The requirement of a “licence to practise” – along with measures to fast-track professionals from outside the force into senior police roles – no doubt tries to please those who point out the rot at the centre of police forces in Britain today. But in practice, these measures will be as toothless as all the other tweaks and promises made in past years.
Crumbling state
However, these measures are not aimed towards satisfying the different voter bases slipping out of Labour’s hands.
A key reason for these proposed reforms is that there has been rising concern about the inability of the police to handle unrest on the streets. The government needs the police to rapidly become ‘match fit’ because – as Labour ministers have said – many forces are wholly unequipped as it stands.
This was seen in the summer riots back in 2024, but also the massive pro-Palestine marches in London.
In 2025, protests relating to Palestine Action cost the Met Police £10 million in a single month. Non-Met forces like the Welsh police had to be dragged in to police Palestine demonstrations, exacerbating staff shortages elsewhere in the UK.
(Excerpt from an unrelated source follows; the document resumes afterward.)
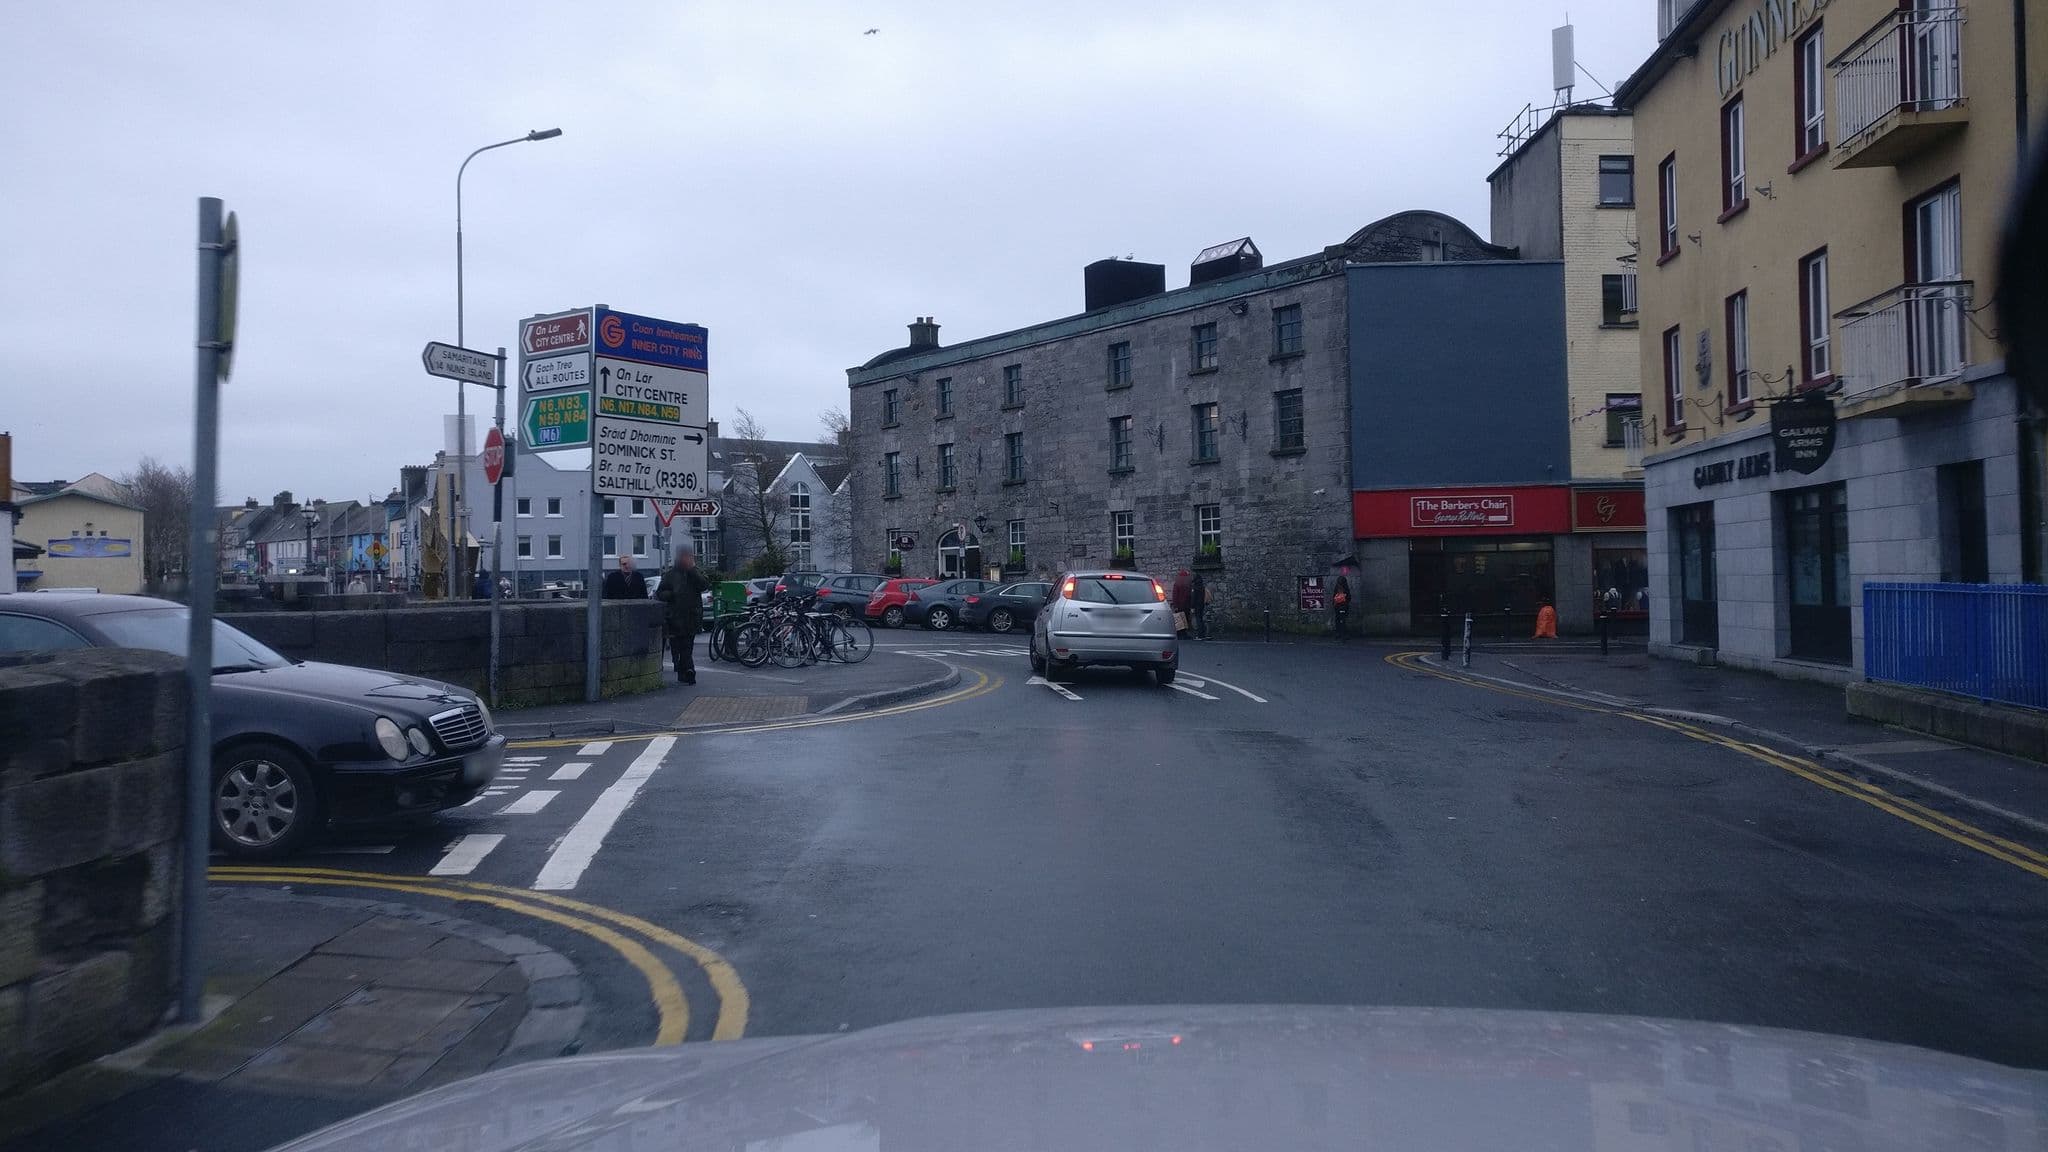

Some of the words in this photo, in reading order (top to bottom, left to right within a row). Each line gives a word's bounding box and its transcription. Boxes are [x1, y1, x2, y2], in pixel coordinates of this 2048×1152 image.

Mahmood herself even admitted that the policing model is “broken”.
These growing anxieties around the ability of the British state to enforce its order are what was also behind moves such as the introduction of the PCSC bill in 2022, the Minimum Service Levels bill in 2023, and the proscription of Palestine Action last year.
And why wouldn’t they be worried? On top of the dire state of policing, the courts are swamped with cases, and prisons are operating far over capacity. There are real, deep problems facing these institutions of the British state. And no politicians have any real idea how to fix them.
None of the causes behind this unrest and growing class anger in Britain today are going anywhere – and, unfortunately for the British ruling class, the creation of a ‘British FBI’ certainly won’t stop it either.
Every institution of the British state is cracking and crumbling under the weight of the economic and social crisis. The politicians at the helm of this dilapidated machine are powerless to prevent its continued decline.